I have heard the statement, “But, every court is a Gladue court” on more than one occasion.

Technically that statement is true.

Every court is considered a Gladue court when the liberty of an Aboriginal person is at stake; section 718.2(e) requires it.  We are very lucky in the Toronto area to have access to a separate, specialized court that addresses this very issue.  The specialized court was first created in 2001 in response to the decision R v. Gladue, [1999] 1 S.C.R. 688, and was meant, primarily, to address the over-representation of Aboriginal people in Canada.  It was originally held at Old City Hall, Toronto and since then, many more Gladue courts have been created, the most recent being in the Scarborough Ontario Court of Justice at 1911 Eglinton Ave East.

Theoretically that statement is incorrect.

The Gladue decision and the availability of a specialized court is so much more than just a mandatory consideration of the factors articulated by the Supreme Court of Canada.  The existence of the court is both symbolic and representative of the reparations that have been promised to Aboriginal people.

It’s hard to articulate the importance of the Gladue court without a thorough history of the Canadian Government and the racist and discriminatory policies that were imposed on Aboriginal people and culture.   The Honourable Beverley McLaughlin, Chief Justice of Canada provided context for the current state of the relationship during a speech delivered on May 28, 2015 at the Aga Khan Museum:

The most glaring blemish on the Canadian historic record relates to our treatment of the First Nations that lived here at the time of colonization.  An initial period of cooperative inter-reliance grounded in norms of equality and mutual dependence … was supplanted in the nineteenth century by the ethos of exclusion and cultural annihilation.  Early laws forbad treaty Indians from leaving allocated reservations.   Starvation and disease were rampant.  Indians were denied the right to vote.  Religious and social traditions, like the Potlach and the Sun Dance, were outlawed.  Children were taken from their parents and sent away to residential schools, there they were forbidden to speak their native languages, and not infrequently subjected to sexual abuse.  The objective was to “Take the Indian out of the child”, and thus to solve what John A Macdonald referred to as the “Indian problem”.  “Indianness” was not to be tolerated; rather it must be eliminated.  In the buzz-word of the day, assimilation; in the language of the 21st century, cultural genocide”

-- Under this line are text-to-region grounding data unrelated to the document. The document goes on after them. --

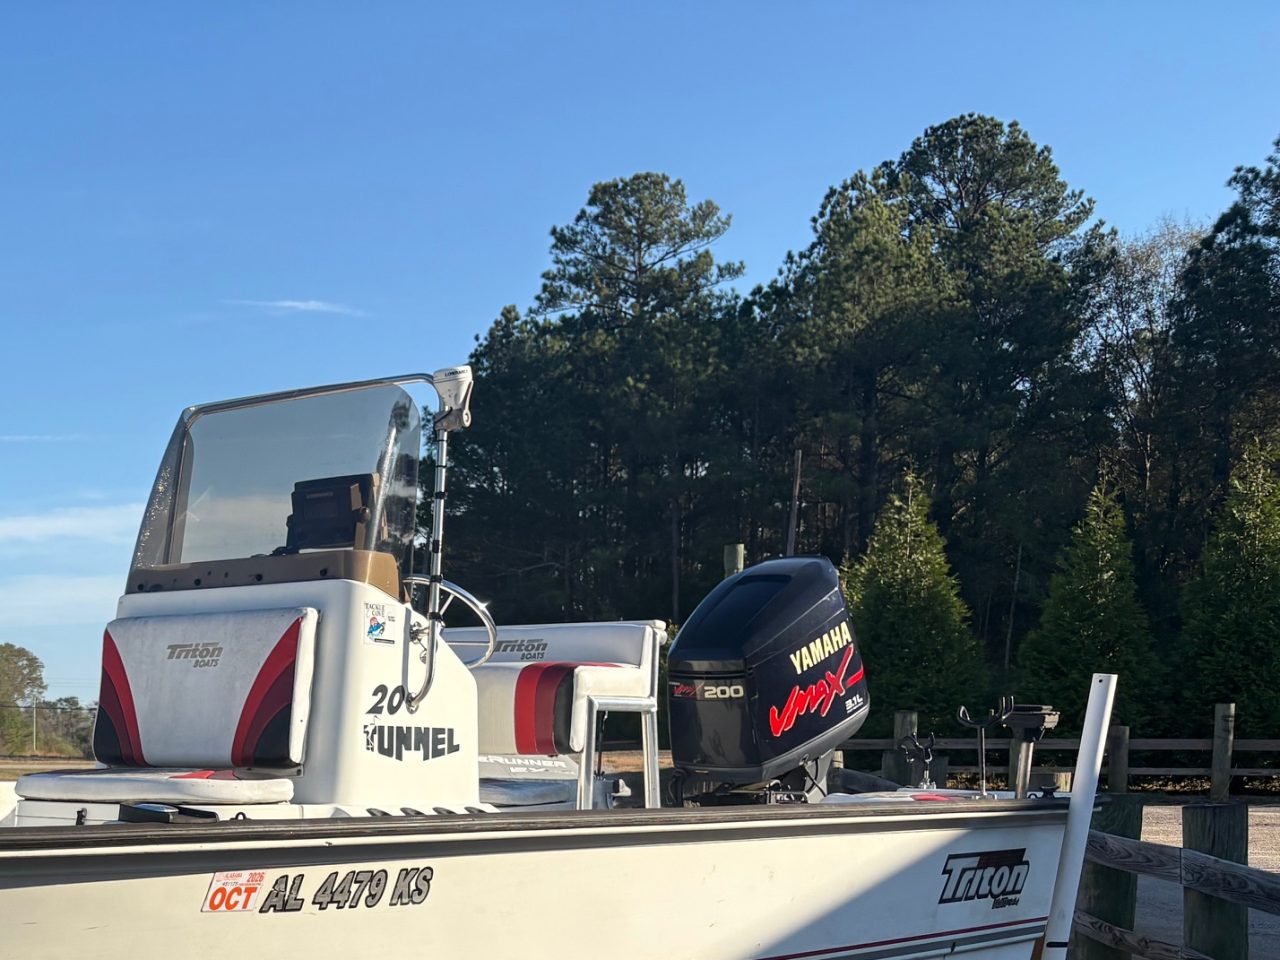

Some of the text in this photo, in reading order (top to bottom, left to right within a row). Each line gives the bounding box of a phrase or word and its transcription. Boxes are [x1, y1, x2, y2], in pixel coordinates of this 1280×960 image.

[167, 642, 224, 659] Triton
[495, 639, 548, 652] Triton
[789, 620, 852, 675] YAMAHA
[365, 684, 406, 716] 20
[704, 685, 744, 698] 200
[363, 725, 460, 762] TUNNEL
[259, 866, 434, 913] AL 4479 KS
[938, 848, 1030, 904] Triton
[209, 886, 258, 911] OCT
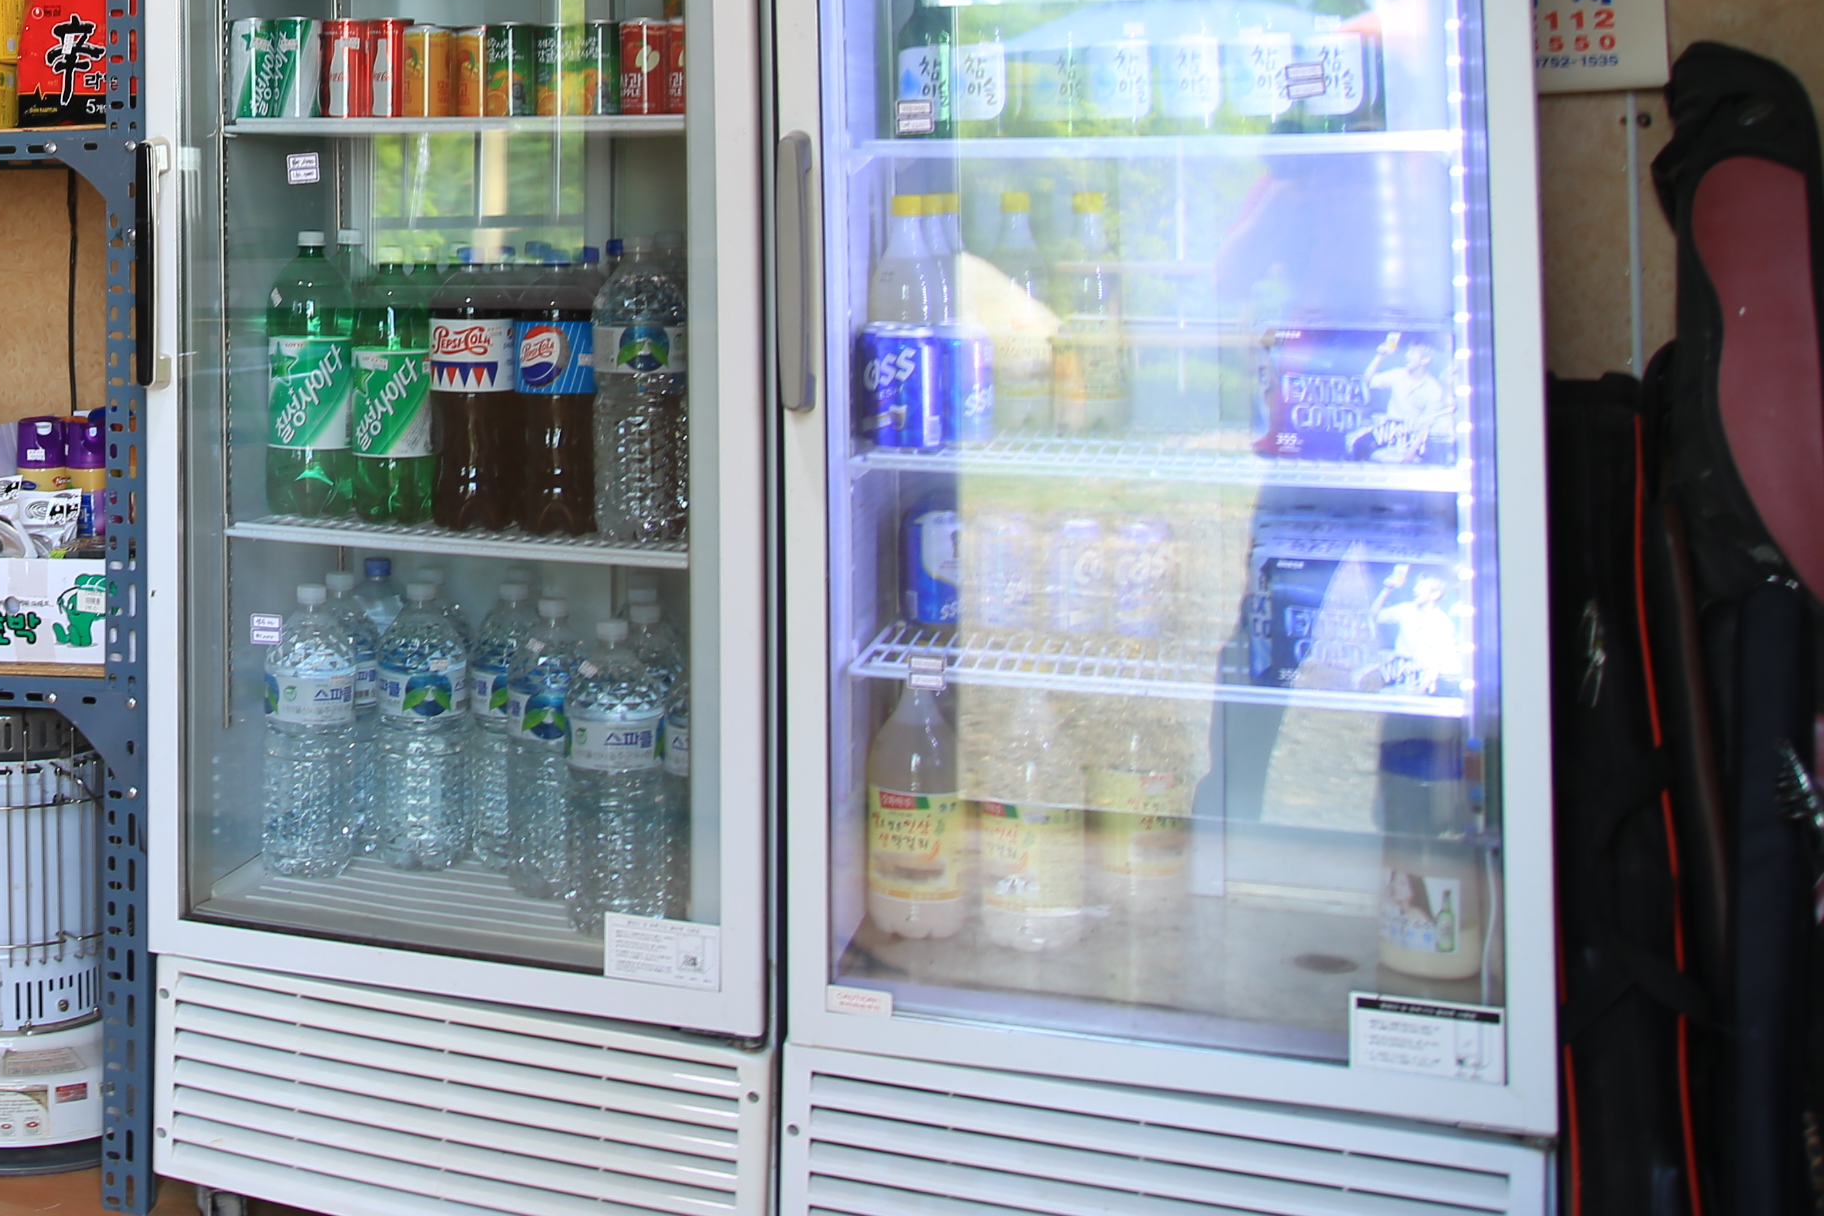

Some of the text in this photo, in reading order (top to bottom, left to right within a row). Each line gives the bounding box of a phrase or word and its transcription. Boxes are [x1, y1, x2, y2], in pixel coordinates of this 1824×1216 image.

When context is provided in terms of the historic relationship between the indigenous people of this land and the Canadian government, it is much easier to see that Gladue court is much more than a procedural consideration.  The court itself is less litigious, and typically marked by a more wholesome approach to exploring the potential for rehabilitation.

One need only look at decisions such as R v. Armitage, 2015 ONCJ 64 and R v. Pelletier, 2016 ONCJ 628 to understand just how important the Gladue court really is; these decisions, arising from the Gladue court at Old City Hall, humanizes the individual.   What Justice Nakatsuru did in both of these judgments was speak to the offender, to recognize the individual before the court, along with the unique circumstances that brought them there.  These decisions are transformative, not just for the system itself, but also for the person.

Recognizing the person before the court as an individual instead of a docket number is important.  It is even more important when we consider the individual in the context of the historic record.  I once witnessed a jurist question the applicability of Gladue principals on a breach of a court order.  To those who are familiar with the application of Gladue principals, it should be common sense that a group of people, who were so poorly treated at the hands of the government, may have an inherent distrust and lack of respect for that same government when they find themselves as an individual before the court.  And this is just one example of why the Gladue court is necessary; it creates a place where the underlying factors, the history of the people and an appreciation of the struggles that have befallen those same people are understood.

So, the next time you hear anyone say, “But every court is a Gladue court” take a minute and remind whomever said it, that although that statement is correct, the specialized court was designed to address the sensitivities that have developed, with a specific aim to ameliorate the negative experience that Aboriginal people have often encountered when dealing with the Canadian government.